Abstract
This book presents a novel image representation that allows to access natural scenes by local semantic description. During semantic modeling, local image regions are classified into semantic concepts
classes such as water, rocks, and foliage. Images are represented through the frequency of occurrence of the local semantic concepts. This image representation is demonstrated to be well suited for modeling the semantic content of heterogeneous scene categories,
and thus for categorization and retrieval. Furthermore, the image
representation based on semantic modeling qualifies for ranking
natural scenes according to their semantic similarity. This
application is of special interest for content-based image retrieval systems that rely on the correct ordering of the returned images.
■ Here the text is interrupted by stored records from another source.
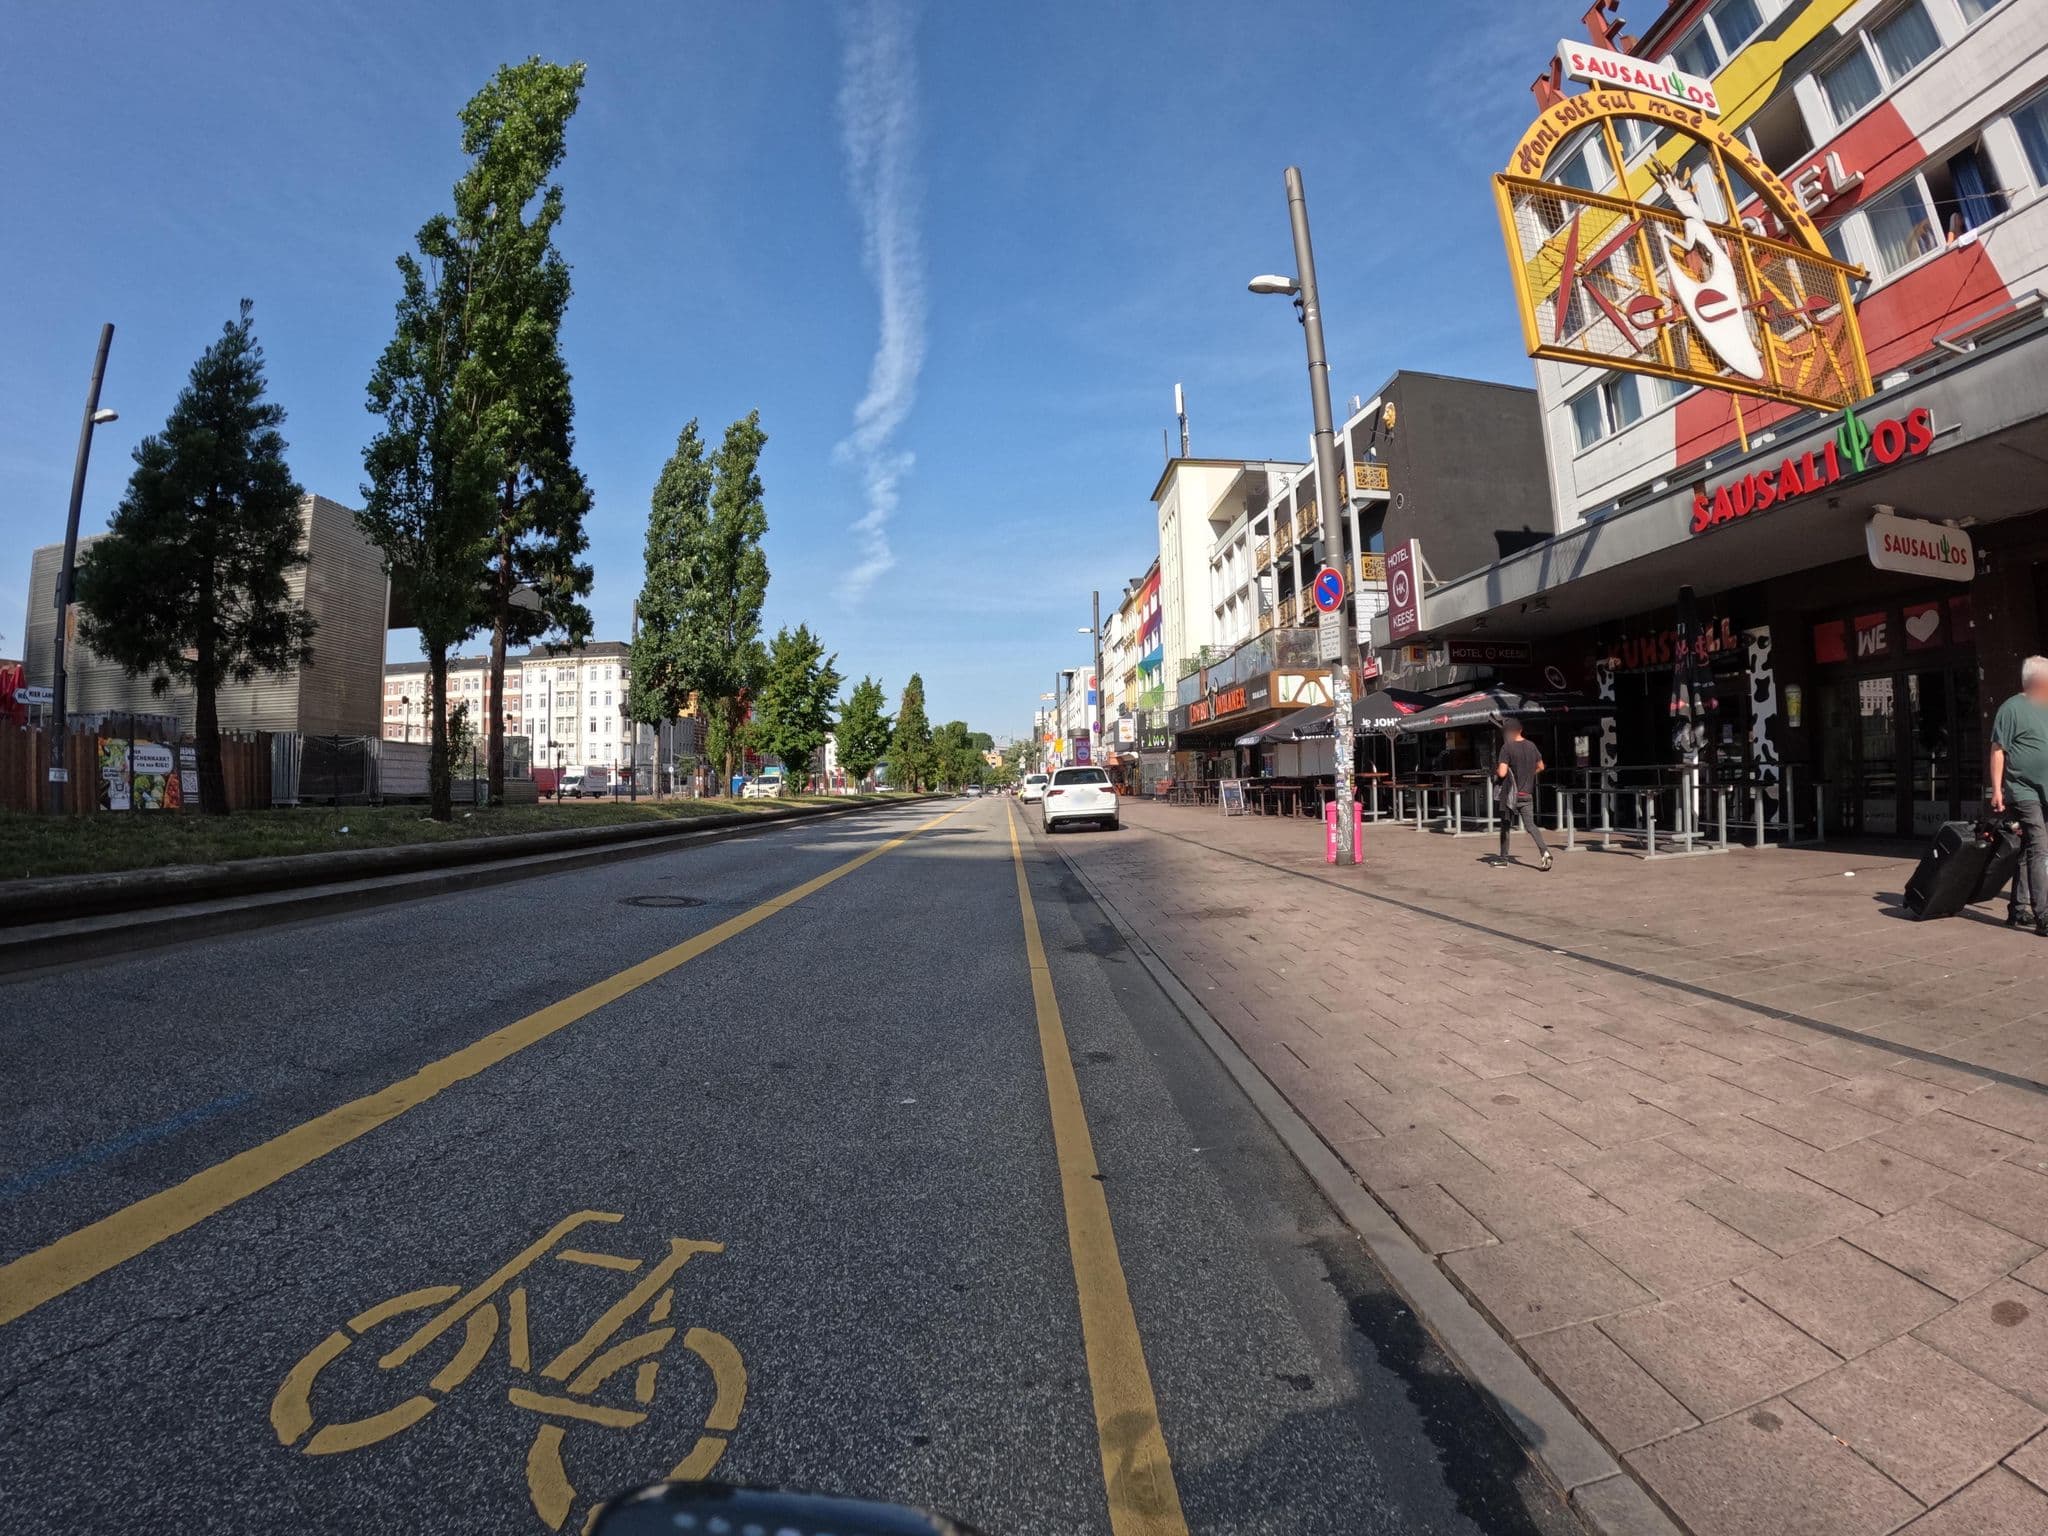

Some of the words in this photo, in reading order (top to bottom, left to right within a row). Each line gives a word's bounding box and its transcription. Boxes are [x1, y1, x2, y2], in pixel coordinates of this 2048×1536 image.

[1387, 548, 1409, 568] HOTEL
[1393, 608, 1415, 628] KEESE
[1858, 622, 1887, 657] WE
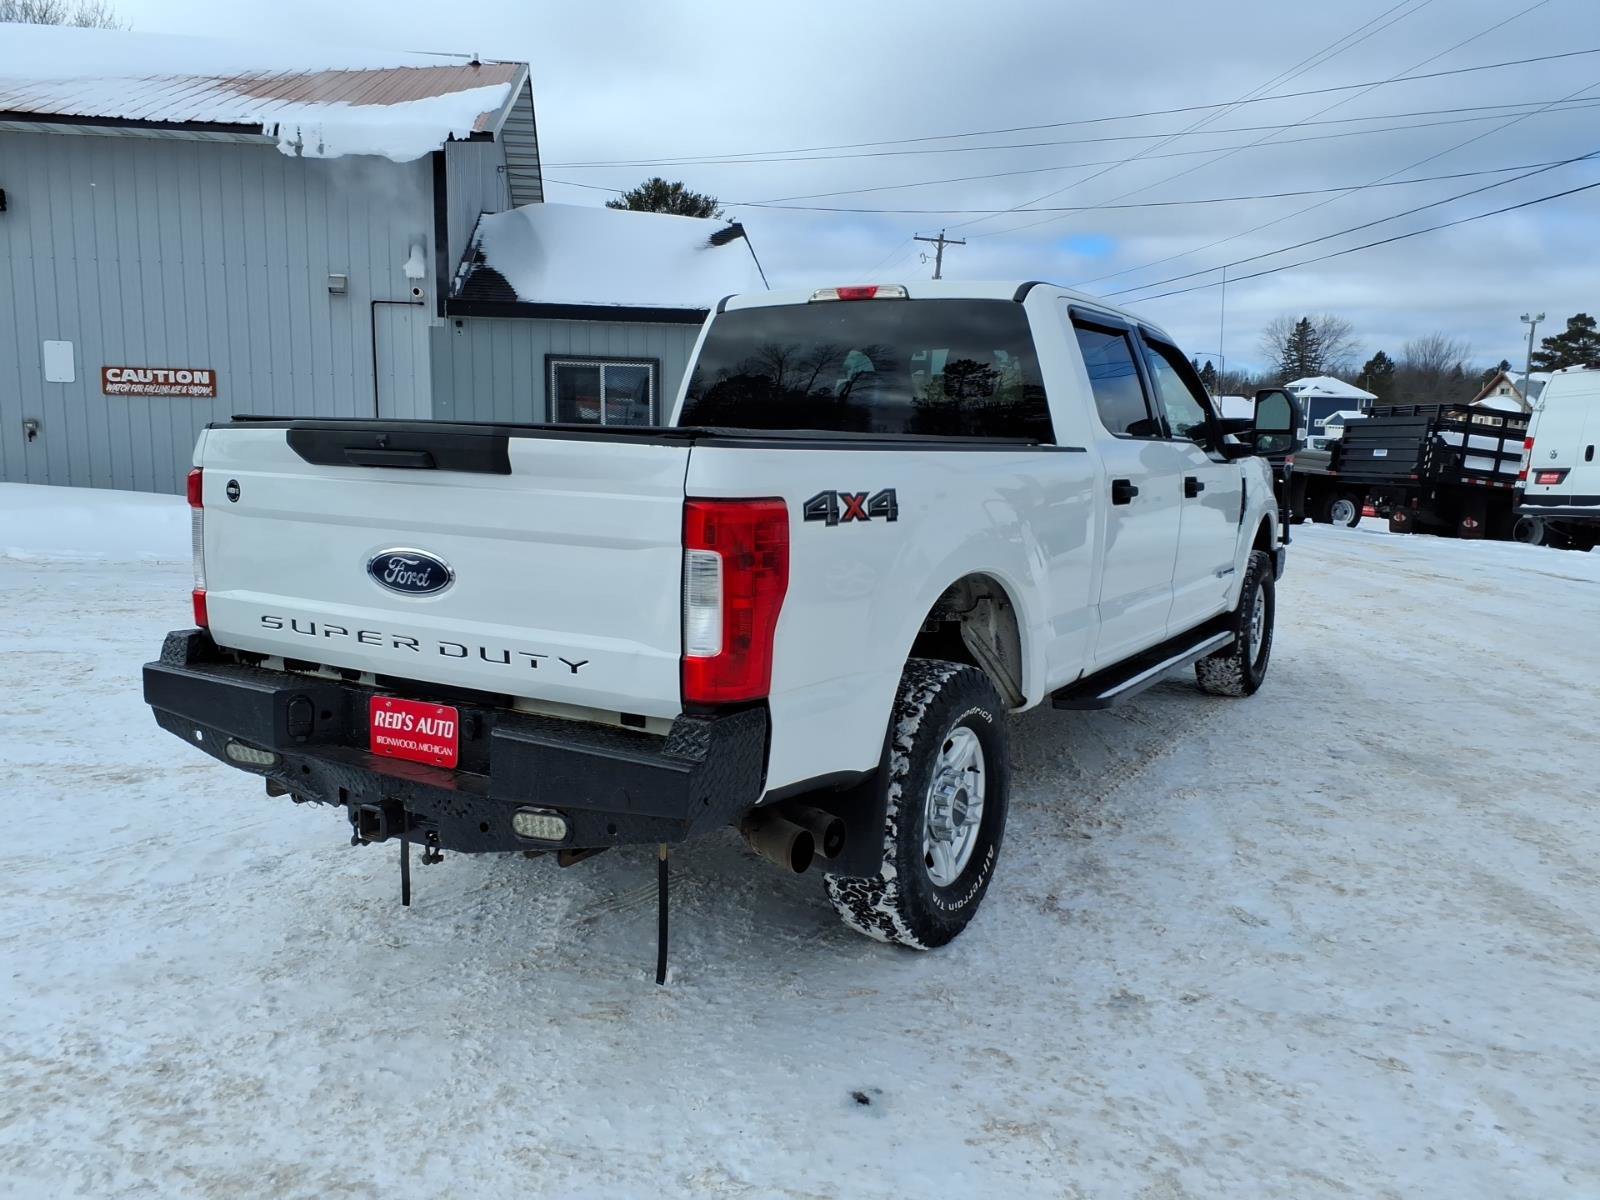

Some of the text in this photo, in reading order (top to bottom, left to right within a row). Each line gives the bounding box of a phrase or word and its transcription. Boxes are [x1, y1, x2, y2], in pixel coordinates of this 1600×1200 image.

[106, 368, 209, 384] CAUTION
[106, 382, 131, 392] WATCH
[131, 384, 144, 393] FOR
[384, 556, 431, 587] Ford
[261, 614, 589, 674] SUPER DUTY
[374, 710, 454, 738] RED'S AUTO
[376, 735, 453, 756] IRONWOOD, MICHIGAN
In two psychophysical experiments, the human perception of the employed natural scenes has been studied. A categorization and a typicality ranking experiment showed that humans are very consistent in classifying scenes and in rating their semantic typicality with
respect to five scene categories. Based on these findings, a novel
perceptually plausible distance measure is introduced that allows to
automatically rank natural scenes with a high correlation to the human
ranking.
Finally, the work discusses the problem of performance evaluation in content-based image retrieval systems. When searching for specific local semantic content, the retrieval results can be modeled statistically. Closed-form expressions for the prediction and the
optimization of retrieval precision and recall are developed that permit to optimize precision and recall by up to 60.